When asked about the allegations, President Donald Trump said he was “not at all surprised to see it.”
Hmm, not at all surprised? Didn’t the person whose every word and tweet gets splashed across headlines around the world have anything else to say, like, “If the allegations are true, it’s horrible and we should address this problem as a nation.” Or, “We as a country need to address this serious problem.”
No, he didn’t. In a follow-up question, a reporter asked if Weinstein’s behavior was inappropriate, and Trump responded that the movie executive said it was.
Again, not much there. I recognize this wasn’t a women’s rights forum and that he didn’t have prepared remarks or a flowing speech to cite, but he had an opportunity to address a real problem and he seemed more prepared to suggest he knew that Weinstein’s superstar public character had some tarnish.

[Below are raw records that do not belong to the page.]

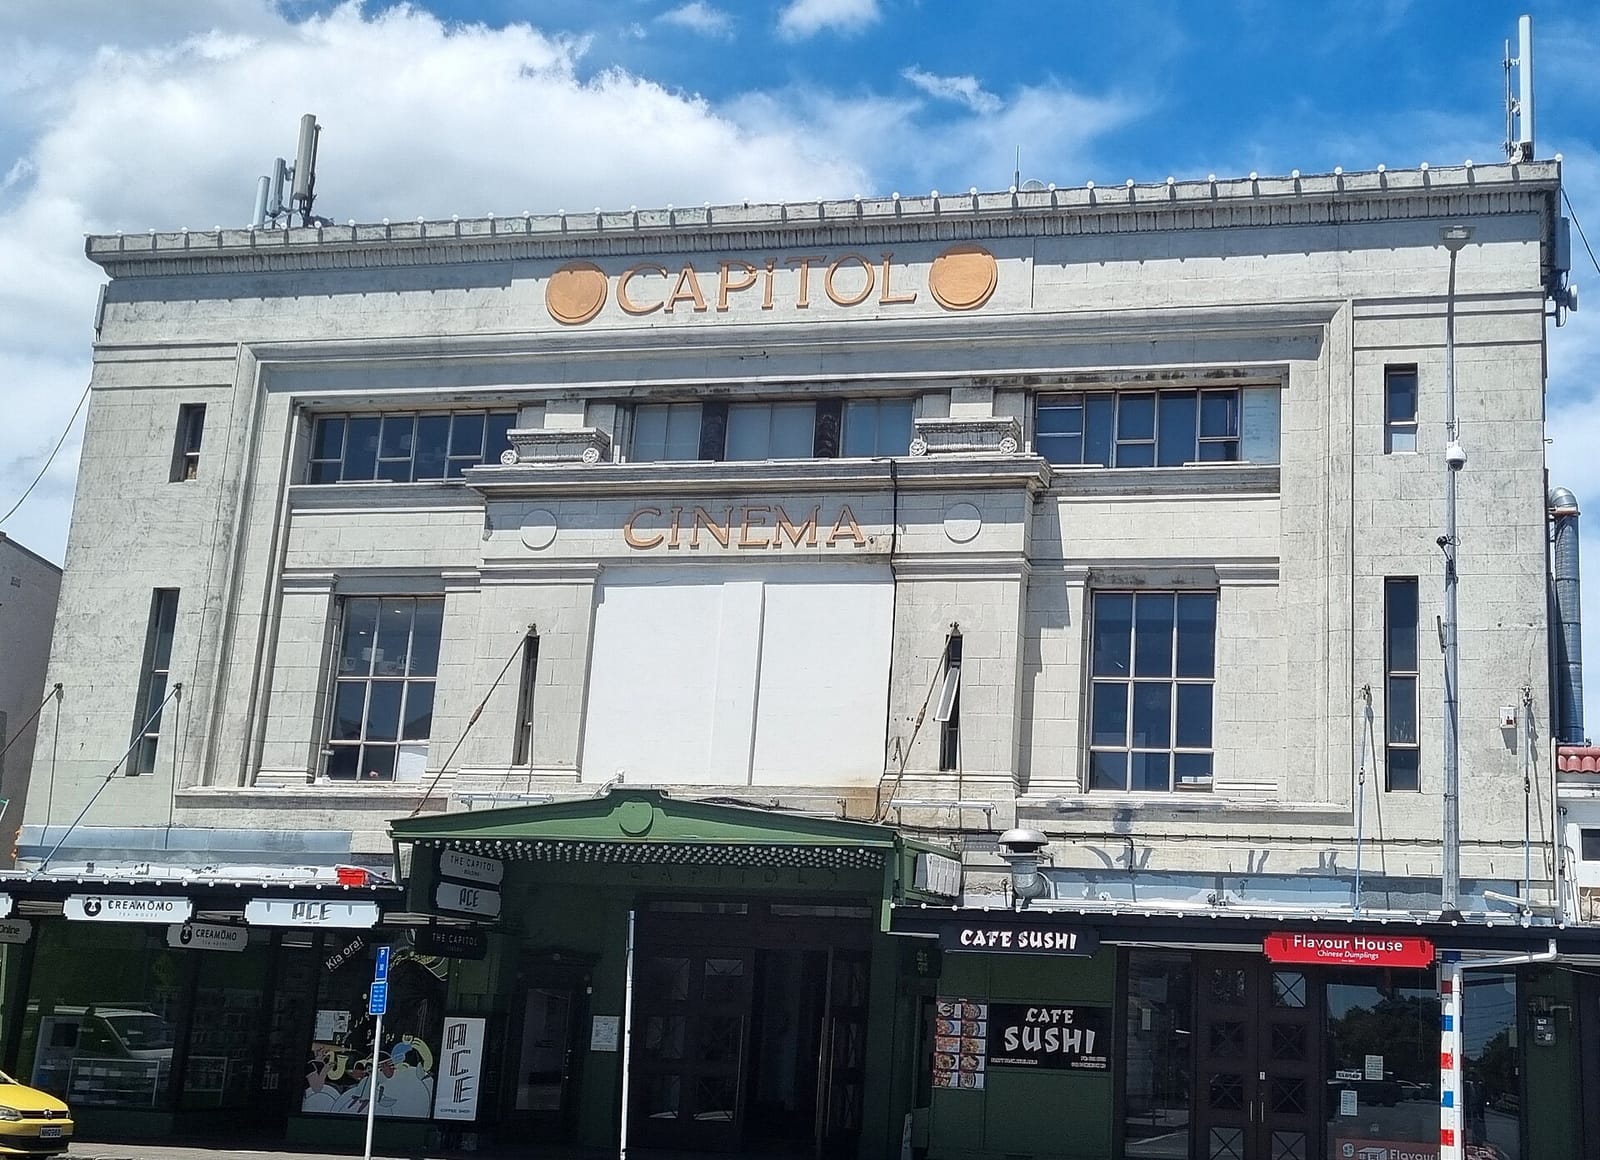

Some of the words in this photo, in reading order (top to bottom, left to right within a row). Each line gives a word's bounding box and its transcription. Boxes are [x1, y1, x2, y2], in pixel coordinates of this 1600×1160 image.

[616, 251, 917, 316] CAPITOL
[622, 504, 866, 551] CINEMA
[450, 855, 463, 866] THE
[466, 858, 495, 872] CAPITOL
[459, 888, 480, 908] ACE
[291, 901, 332, 921] ACE
[432, 932, 446, 943] THE
[448, 934, 479, 946] CAPITOL
[960, 929, 1012, 948] CAFE
[1018, 930, 1077, 950] SUSHI
[1294, 934, 1350, 950] Flavour
[1354, 936, 1403, 952] House
[325, 953, 344, 972] Kia
[343, 935, 365, 956] ora!
[1317, 949, 1344, 958] Chinese
[1344, 951, 1379, 960] Dumplings
[1025, 1008, 1074, 1024] CAFE
[1004, 1026, 1096, 1054] SUSHI

The New York public transport system has run ads for years imploring, “If you see something, say something.”
That’s not always easy, especially when no one else might have been around to hear or see inappropriate comments or gestures.
This isn’t about political correctness: It’s about allowing people to do their best work without feeling threatened or uncomfortable. Locker room talk, or anything else that resembles a put-down for whatever reason, creates a hostile work environment.
Almost exactly a year ago, candidate Trump described several women who accused the Clintons of improper behavior towards women as “courageous” at a press conference before a debate with Hillary Clinton. While Trump hasn’t shared any such words of support for Weinstein’s victims, others have applauded them for coming forward. If Weinstein’s alleged victims had done so initially, taking on the equivalent of a movie icon could have put their careers at risk.
Gender politics are often a challenging and sore point at work. People can often dismiss inappropriate comments as being jokes or suggesting that their words weren’t what they intended.
Some jobs, like Wall Street trading, or, well, locker rooms, often involve a type of bawdy humor that is part of the culture.
But why should anyone have to tolerate it? With training and a heightened public awareness, the excuse “Well, that’s just the way it is” could turn into, “That’s not the way we do things around here.”
Pundits are suggesting that if eight women have come forward to accuse Weinstein, there are likely many more.
Then again, if he could and did engage in inappropriate conduct for decades, you have to imagine there are other men who did it, too.
Weinstein, in his own words, needs help. So, too, does the rest of society. He suggested he came from a different era. Others have taken him to task, indicating that somewhere along the line, he missed some major strides society made between whatever time period he imagined and today.
Who else is living in that era and how can we help them? Maybe, in addition to training the next set of up-and-coming managers, we should make sure the top executives — most of whom are men — understand what’s OK and what crosses a real line that is not only objectionable, but is also problematic for them and their careers.
We watch movies for many reasons: We want to be inspired, we want to understand other people and, sometimes, we want a perspective that helps us understand ourselves better. Maybe the inappropriate actions of a moviemaker can shed some more light on a problem that clearly isn’t unique to one person. A corollary to the transport ad, perhaps, should be, “If you hear something, say something.”